Supplied data:

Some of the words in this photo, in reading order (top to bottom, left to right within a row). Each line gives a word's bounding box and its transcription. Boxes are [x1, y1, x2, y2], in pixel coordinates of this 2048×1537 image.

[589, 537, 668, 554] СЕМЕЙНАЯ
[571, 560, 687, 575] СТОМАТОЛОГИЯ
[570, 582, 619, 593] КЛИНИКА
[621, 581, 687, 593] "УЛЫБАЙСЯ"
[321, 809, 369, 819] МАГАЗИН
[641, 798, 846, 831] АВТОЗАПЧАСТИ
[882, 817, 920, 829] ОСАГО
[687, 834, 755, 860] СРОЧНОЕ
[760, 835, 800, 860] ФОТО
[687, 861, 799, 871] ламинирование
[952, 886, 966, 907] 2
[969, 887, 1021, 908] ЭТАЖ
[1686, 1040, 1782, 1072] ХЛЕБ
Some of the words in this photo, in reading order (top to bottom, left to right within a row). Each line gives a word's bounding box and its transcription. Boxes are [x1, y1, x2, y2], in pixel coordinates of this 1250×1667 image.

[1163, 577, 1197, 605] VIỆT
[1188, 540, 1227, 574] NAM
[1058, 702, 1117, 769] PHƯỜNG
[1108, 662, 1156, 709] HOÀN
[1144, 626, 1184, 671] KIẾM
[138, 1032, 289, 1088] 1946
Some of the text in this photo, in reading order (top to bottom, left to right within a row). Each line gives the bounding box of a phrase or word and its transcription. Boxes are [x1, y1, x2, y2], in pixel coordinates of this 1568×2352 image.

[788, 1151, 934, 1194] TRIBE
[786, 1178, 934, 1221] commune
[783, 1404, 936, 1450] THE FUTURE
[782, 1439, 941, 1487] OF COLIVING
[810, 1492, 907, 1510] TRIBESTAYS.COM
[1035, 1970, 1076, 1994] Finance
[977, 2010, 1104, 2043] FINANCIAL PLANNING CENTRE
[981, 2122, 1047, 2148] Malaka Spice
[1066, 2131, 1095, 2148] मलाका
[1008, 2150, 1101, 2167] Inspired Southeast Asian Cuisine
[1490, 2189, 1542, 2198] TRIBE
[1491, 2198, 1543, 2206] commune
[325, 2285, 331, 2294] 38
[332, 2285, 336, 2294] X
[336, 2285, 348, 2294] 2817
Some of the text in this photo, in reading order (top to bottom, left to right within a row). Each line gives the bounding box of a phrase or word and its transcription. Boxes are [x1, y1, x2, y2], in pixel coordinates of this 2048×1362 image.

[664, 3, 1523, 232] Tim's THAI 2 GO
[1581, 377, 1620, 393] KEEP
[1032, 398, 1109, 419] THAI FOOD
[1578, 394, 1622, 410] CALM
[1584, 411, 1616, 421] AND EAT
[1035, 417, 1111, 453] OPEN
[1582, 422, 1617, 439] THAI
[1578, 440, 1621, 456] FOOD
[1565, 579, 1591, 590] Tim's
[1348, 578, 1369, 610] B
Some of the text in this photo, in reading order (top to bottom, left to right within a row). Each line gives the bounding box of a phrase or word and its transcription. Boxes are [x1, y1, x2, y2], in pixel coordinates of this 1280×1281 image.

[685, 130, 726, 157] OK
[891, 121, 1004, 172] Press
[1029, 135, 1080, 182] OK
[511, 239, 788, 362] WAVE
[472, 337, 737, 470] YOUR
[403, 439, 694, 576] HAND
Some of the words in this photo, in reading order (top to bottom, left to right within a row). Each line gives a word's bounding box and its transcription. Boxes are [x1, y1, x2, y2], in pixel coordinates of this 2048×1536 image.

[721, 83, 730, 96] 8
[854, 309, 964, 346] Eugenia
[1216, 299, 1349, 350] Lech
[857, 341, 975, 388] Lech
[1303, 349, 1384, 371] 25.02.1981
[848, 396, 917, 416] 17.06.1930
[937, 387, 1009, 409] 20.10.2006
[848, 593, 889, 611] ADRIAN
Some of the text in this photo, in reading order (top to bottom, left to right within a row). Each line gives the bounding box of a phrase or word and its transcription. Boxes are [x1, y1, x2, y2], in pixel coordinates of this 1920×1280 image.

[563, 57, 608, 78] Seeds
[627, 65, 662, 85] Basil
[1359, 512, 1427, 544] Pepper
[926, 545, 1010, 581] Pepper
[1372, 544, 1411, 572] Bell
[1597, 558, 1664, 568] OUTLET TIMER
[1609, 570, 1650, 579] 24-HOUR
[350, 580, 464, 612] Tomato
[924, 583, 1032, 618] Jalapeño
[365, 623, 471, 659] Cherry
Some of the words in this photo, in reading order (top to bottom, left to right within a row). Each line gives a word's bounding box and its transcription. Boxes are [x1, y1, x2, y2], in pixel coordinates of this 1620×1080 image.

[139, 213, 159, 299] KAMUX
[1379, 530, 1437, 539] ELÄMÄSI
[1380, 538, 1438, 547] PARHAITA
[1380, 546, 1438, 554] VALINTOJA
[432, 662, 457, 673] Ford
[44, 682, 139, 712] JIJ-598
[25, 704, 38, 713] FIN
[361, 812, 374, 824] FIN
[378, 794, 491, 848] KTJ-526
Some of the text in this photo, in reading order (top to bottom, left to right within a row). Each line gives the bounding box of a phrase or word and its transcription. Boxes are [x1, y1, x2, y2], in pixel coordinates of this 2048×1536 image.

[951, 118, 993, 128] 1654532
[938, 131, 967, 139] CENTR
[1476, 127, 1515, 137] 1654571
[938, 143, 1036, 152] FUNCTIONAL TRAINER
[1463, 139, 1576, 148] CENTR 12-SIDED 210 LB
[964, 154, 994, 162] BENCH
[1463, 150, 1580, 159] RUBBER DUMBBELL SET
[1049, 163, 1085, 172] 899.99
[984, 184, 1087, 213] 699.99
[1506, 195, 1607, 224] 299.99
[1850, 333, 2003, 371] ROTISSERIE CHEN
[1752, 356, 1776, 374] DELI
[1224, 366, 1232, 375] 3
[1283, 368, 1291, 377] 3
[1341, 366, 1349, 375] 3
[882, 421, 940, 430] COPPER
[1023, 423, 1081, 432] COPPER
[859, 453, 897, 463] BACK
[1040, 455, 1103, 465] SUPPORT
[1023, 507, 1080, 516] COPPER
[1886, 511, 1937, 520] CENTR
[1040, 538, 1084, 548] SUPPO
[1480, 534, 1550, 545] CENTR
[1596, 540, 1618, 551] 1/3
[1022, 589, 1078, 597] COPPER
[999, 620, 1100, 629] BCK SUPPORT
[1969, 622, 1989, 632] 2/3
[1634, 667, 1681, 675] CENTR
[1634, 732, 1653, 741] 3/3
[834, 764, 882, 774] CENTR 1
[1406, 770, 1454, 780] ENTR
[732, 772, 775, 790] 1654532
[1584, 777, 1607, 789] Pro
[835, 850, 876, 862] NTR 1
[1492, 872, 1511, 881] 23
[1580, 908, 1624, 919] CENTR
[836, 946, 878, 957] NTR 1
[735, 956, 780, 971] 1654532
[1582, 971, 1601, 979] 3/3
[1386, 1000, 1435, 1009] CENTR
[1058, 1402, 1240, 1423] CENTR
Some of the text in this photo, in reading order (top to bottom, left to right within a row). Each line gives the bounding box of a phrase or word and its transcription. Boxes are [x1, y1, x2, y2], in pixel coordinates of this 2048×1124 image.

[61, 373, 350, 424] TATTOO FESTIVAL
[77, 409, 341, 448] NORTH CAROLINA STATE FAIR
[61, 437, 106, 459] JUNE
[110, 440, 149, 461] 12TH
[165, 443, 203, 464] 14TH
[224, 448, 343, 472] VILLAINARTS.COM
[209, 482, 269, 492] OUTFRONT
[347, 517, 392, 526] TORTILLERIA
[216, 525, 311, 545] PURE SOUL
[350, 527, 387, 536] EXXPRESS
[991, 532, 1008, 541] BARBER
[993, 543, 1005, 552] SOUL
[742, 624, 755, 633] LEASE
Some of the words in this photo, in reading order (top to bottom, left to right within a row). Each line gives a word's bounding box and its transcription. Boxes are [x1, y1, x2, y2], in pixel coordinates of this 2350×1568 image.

Exercise:
From the line containing "this 2048×1124 image." down to the last line of the records above, print every line exactly, with both ends kept.

Solution to this task:
Some of the text in this photo, in reading order (top to bottom, left to right within a row). Each line gives the bounding box of a phrase or word and its transcription. Boxes are [x1, y1, x2, y2], in pixel coordinates of this 2048×1124 image.

[61, 373, 350, 424] TATTOO FESTIVAL
[77, 409, 341, 448] NORTH CAROLINA STATE FAIR
[61, 437, 106, 459] JUNE
[110, 440, 149, 461] 12TH
[165, 443, 203, 464] 14TH
[224, 448, 343, 472] VILLAINARTS.COM
[209, 482, 269, 492] OUTFRONT
[347, 517, 392, 526] TORTILLERIA
[216, 525, 311, 545] PURE SOUL
[350, 527, 387, 536] EXXPRESS
[991, 532, 1008, 541] BARBER
[993, 543, 1005, 552] SOUL
[742, 624, 755, 633] LEASE
Some of the words in this photo, in reading order (top to bottom, left to right within a row). Each line gives a word's bounding box and its transcription. Boxes are [x1, y1, x2, y2], in pixel coordinates of this 2350×1568 image.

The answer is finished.